▸ **What you should do**
The pictures stay out; all of the data is to be printed exactly.

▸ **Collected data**

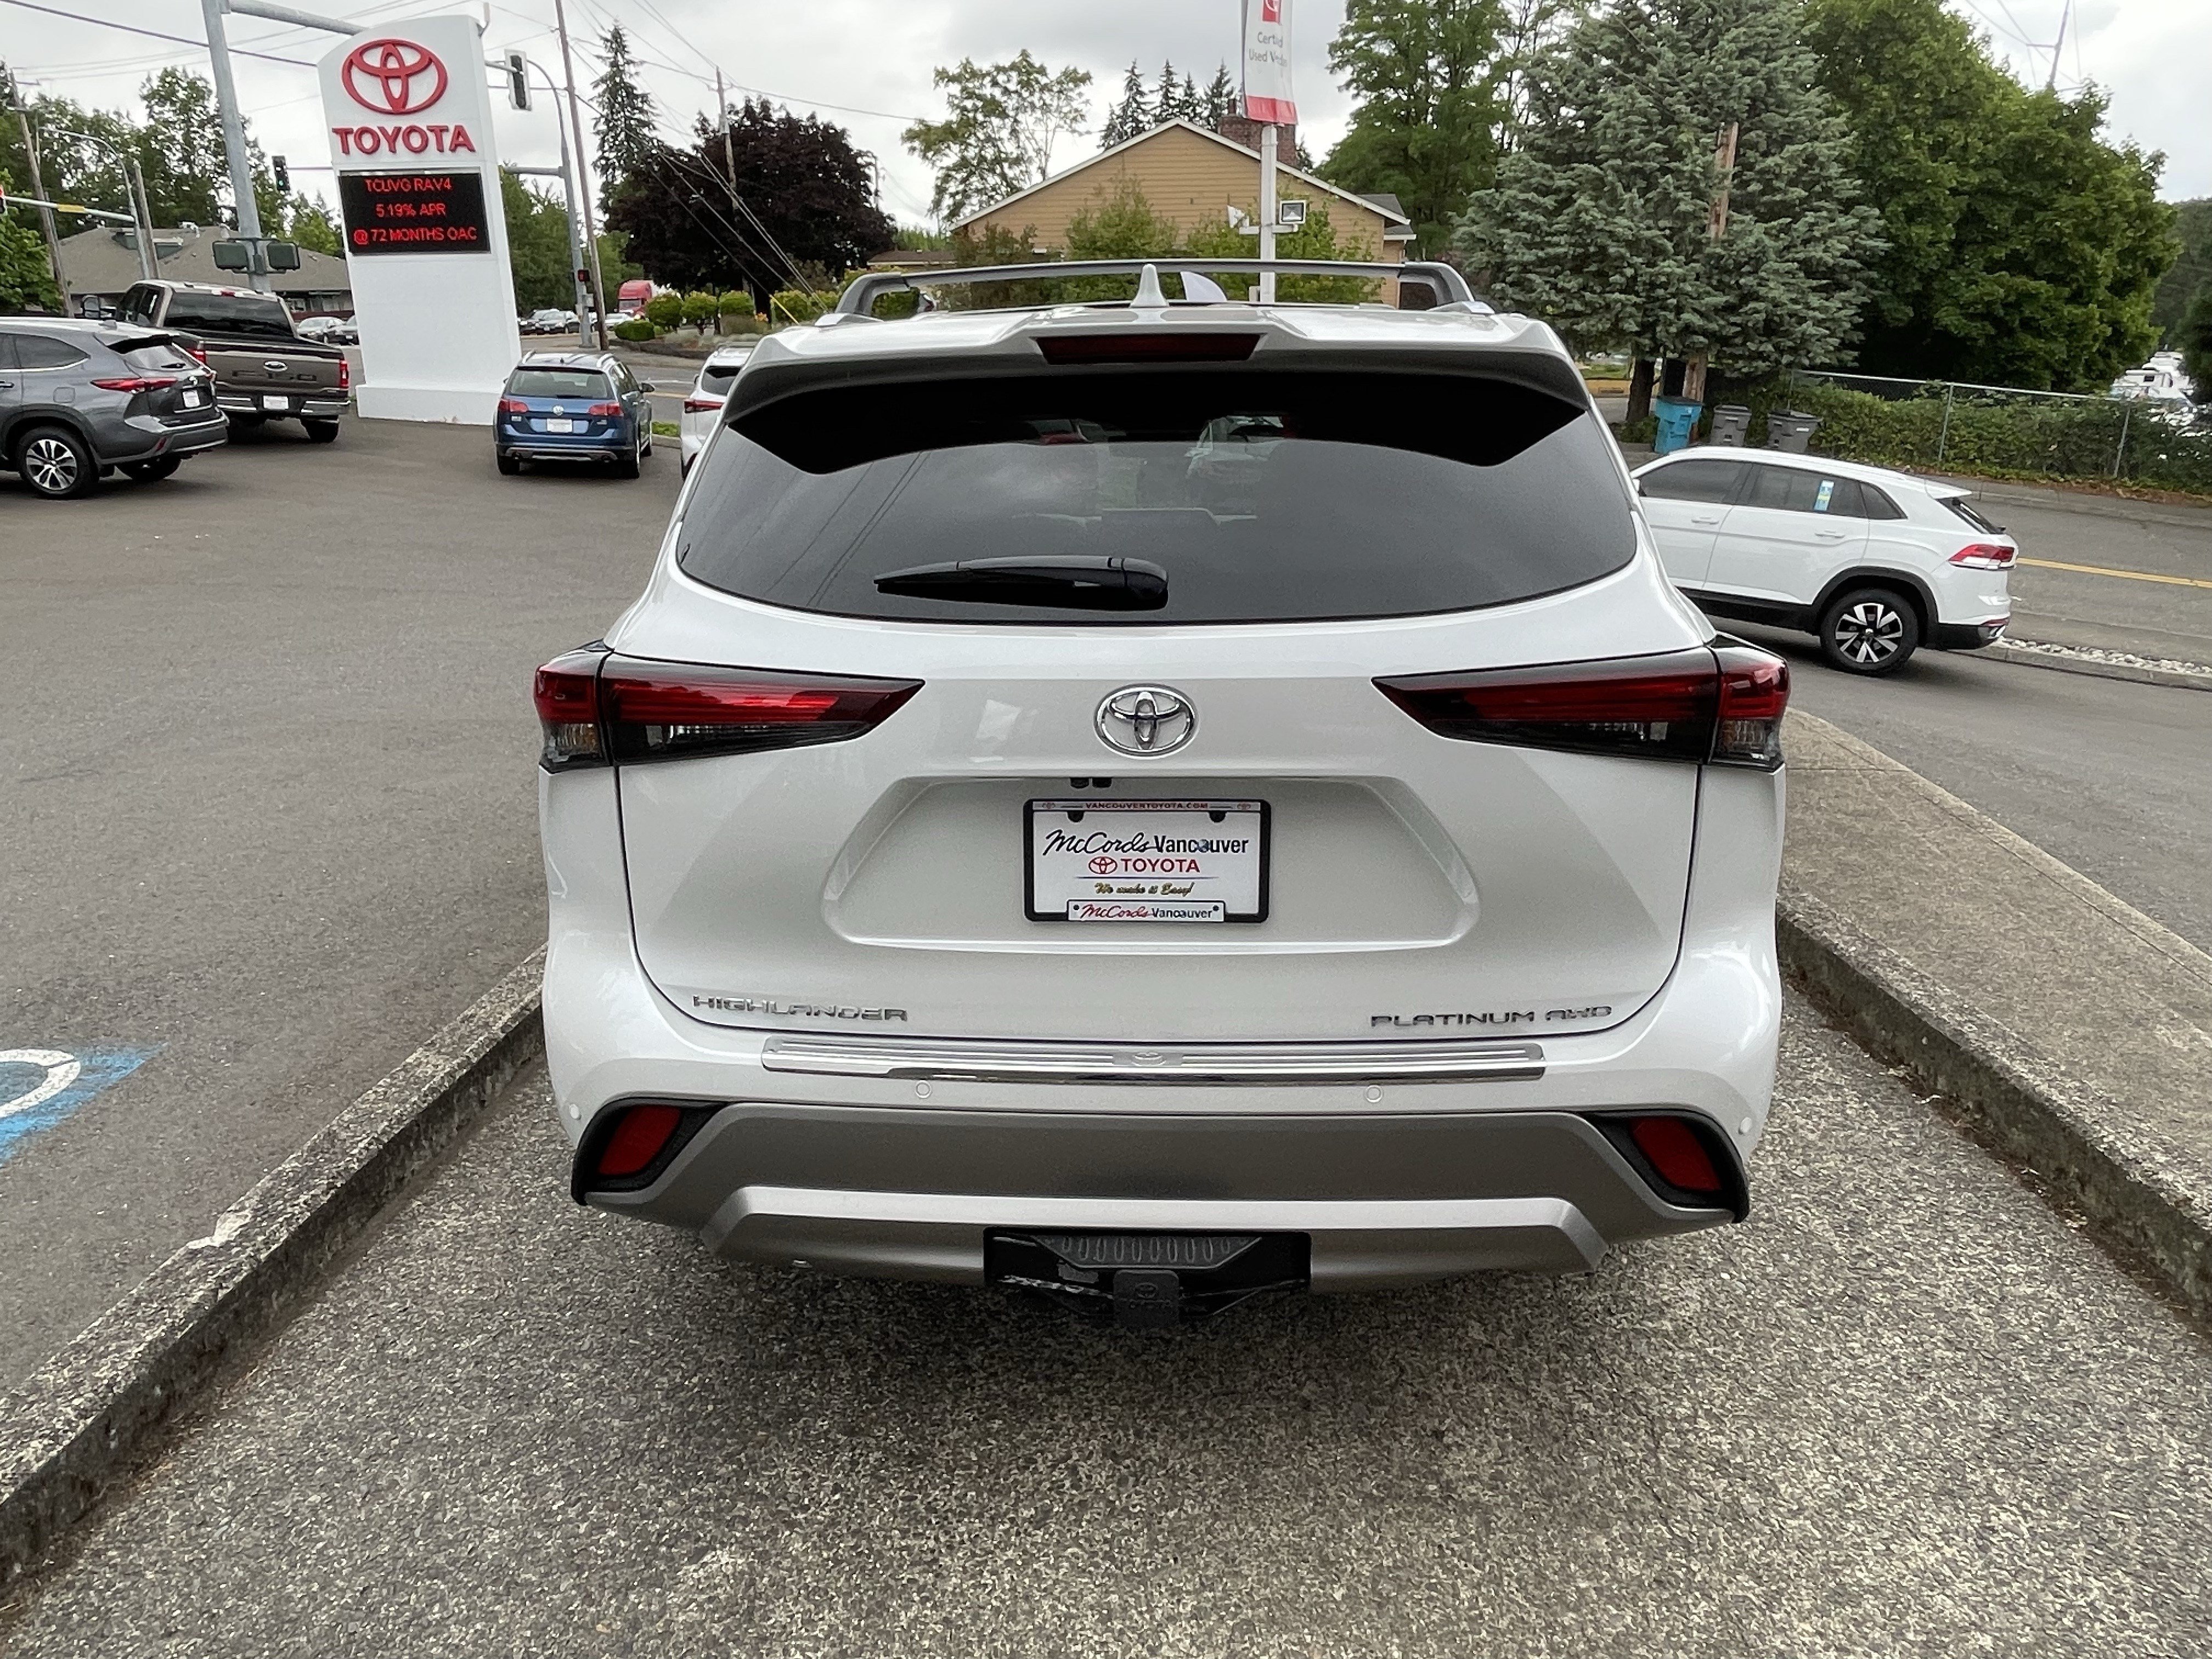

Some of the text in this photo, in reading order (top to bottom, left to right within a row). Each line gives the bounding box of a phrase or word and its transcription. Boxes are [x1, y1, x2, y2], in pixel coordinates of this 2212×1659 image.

[1249, 48, 1267, 62] Used
[332, 125, 476, 154] TOYOTA
[414, 177, 452, 191] RAV4
[419, 203, 447, 216] APR
[370, 229, 387, 241] 72
[389, 227, 444, 241] MONTHS
[447, 227, 477, 240] OAC
[1043, 829, 1249, 856] McCords Vancouver
[1121, 858, 1200, 873] TOYOTA
[1080, 904, 1212, 918] McCords Vancouver
[692, 995, 908, 1022] HIGHLANDER
[1371, 1005, 1612, 1028] PLATINUM AWD
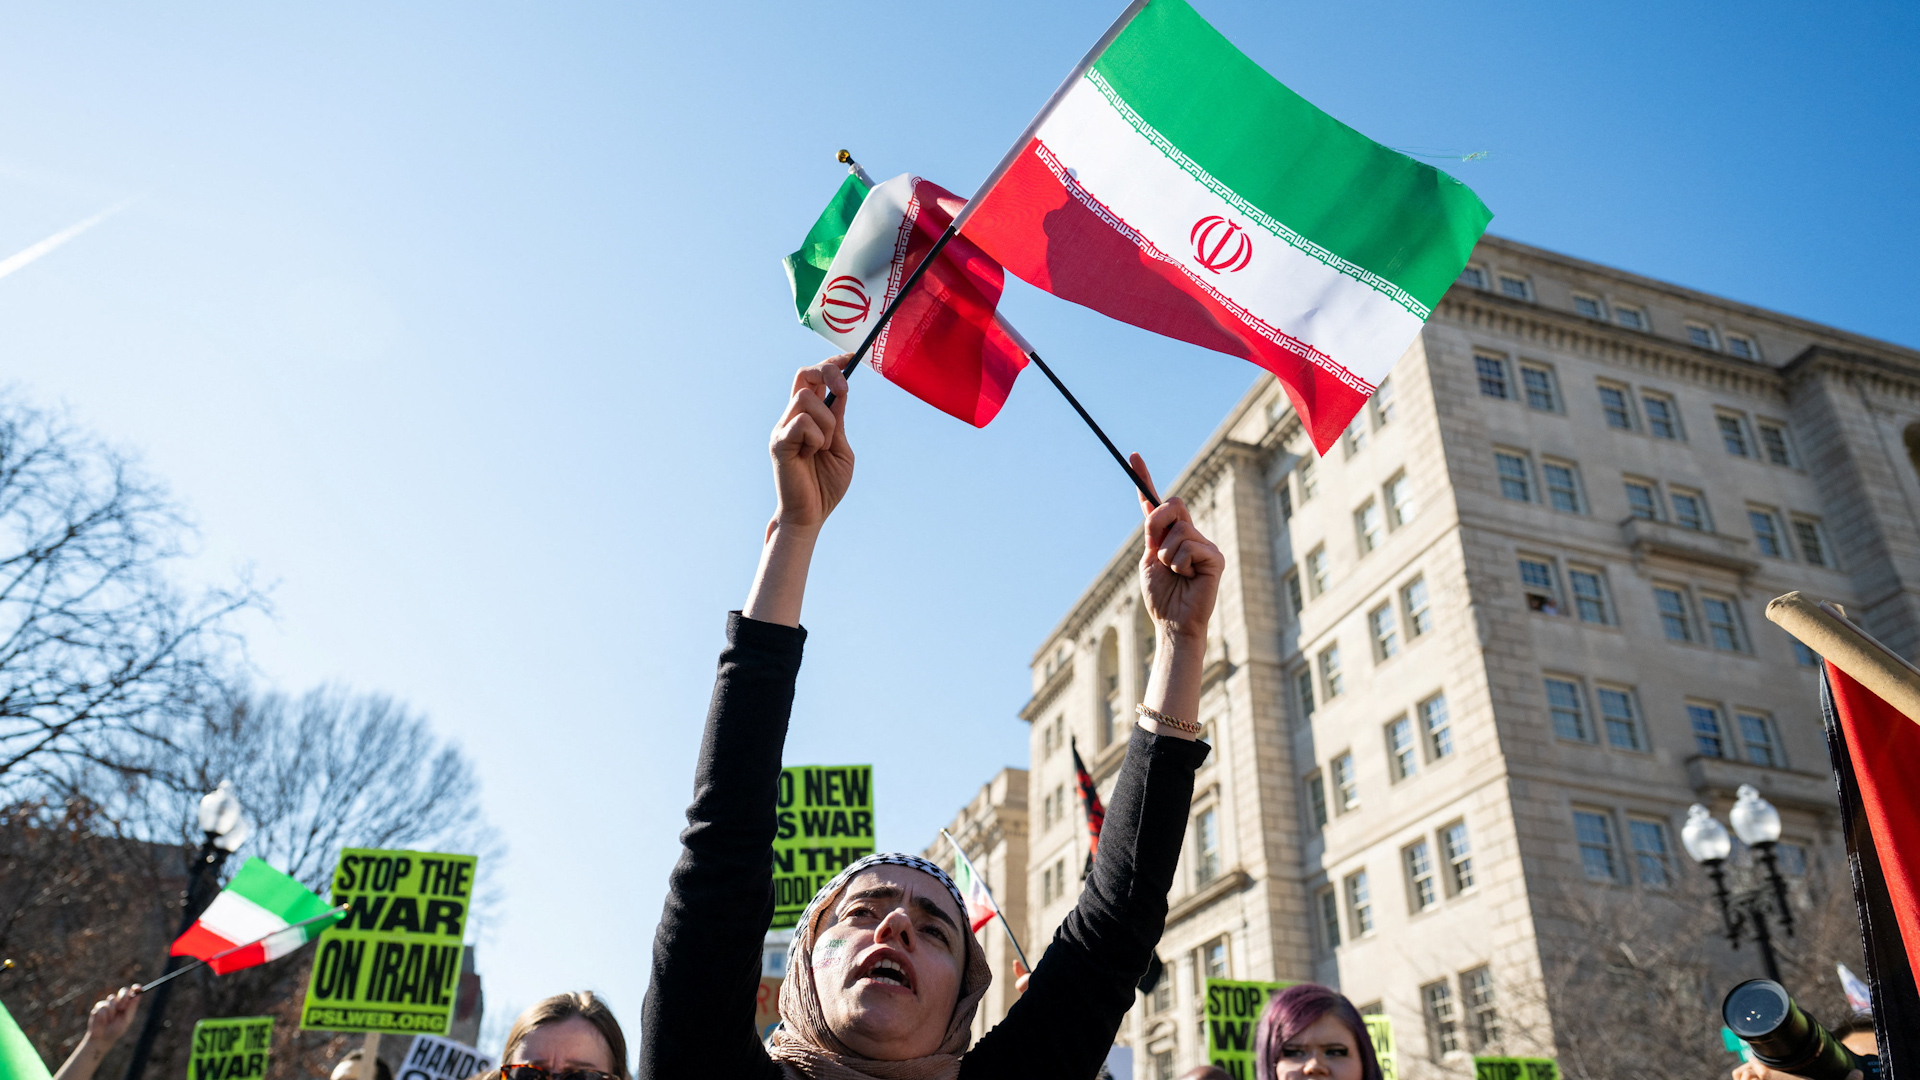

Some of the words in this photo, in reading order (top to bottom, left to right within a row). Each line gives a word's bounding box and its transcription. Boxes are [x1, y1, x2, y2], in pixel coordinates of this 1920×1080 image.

[778, 771, 794, 808] O
[804, 768, 869, 807] NEW
[778, 811, 797, 839] S
[801, 810, 872, 837] WAR
[337, 855, 411, 892] STOP
[419, 859, 471, 897] THE
[334, 894, 463, 936] WAR
[315, 939, 365, 1001] ON
[365, 941, 460, 1006] IRAN!
[1209, 984, 1262, 1018] STOP
[308, 1008, 445, 1030] PSLWEB.ORG
[196, 1026, 242, 1054] STOP
[244, 1024, 269, 1050] THE
[194, 1054, 263, 1080] WAR
[1477, 1062, 1521, 1080] STOP

▸ **Response for this exercise**
Some of the text in this photo, in reading order (top to bottom, left to right within a row). Each line gives the bounding box of a phrase or word and its transcription. Boxes are [x1, y1, x2, y2], in pixel coordinates of this 2212×1659 image.

[1249, 48, 1267, 62] Used
[332, 125, 476, 154] TOYOTA
[414, 177, 452, 191] RAV4
[419, 203, 447, 216] APR
[370, 229, 387, 241] 72
[389, 227, 444, 241] MONTHS
[447, 227, 477, 240] OAC
[1043, 829, 1249, 856] McCords Vancouver
[1121, 858, 1200, 873] TOYOTA
[1080, 904, 1212, 918] McCords Vancouver
[692, 995, 908, 1022] HIGHLANDER
[1371, 1005, 1612, 1028] PLATINUM AWD

Some of the words in this photo, in reading order (top to bottom, left to right within a row). Each line gives a word's bounding box and its transcription. Boxes are [x1, y1, x2, y2], in pixel coordinates of this 1920×1080 image.

[778, 771, 794, 808] O
[804, 768, 869, 807] NEW
[778, 811, 797, 839] S
[801, 810, 872, 837] WAR
[337, 855, 411, 892] STOP
[419, 859, 471, 897] THE
[334, 894, 463, 936] WAR
[315, 939, 365, 1001] ON
[365, 941, 460, 1006] IRAN!
[1209, 984, 1262, 1018] STOP
[308, 1008, 445, 1030] PSLWEB.ORG
[196, 1026, 242, 1054] STOP
[244, 1024, 269, 1050] THE
[194, 1054, 263, 1080] WAR
[1477, 1062, 1521, 1080] STOP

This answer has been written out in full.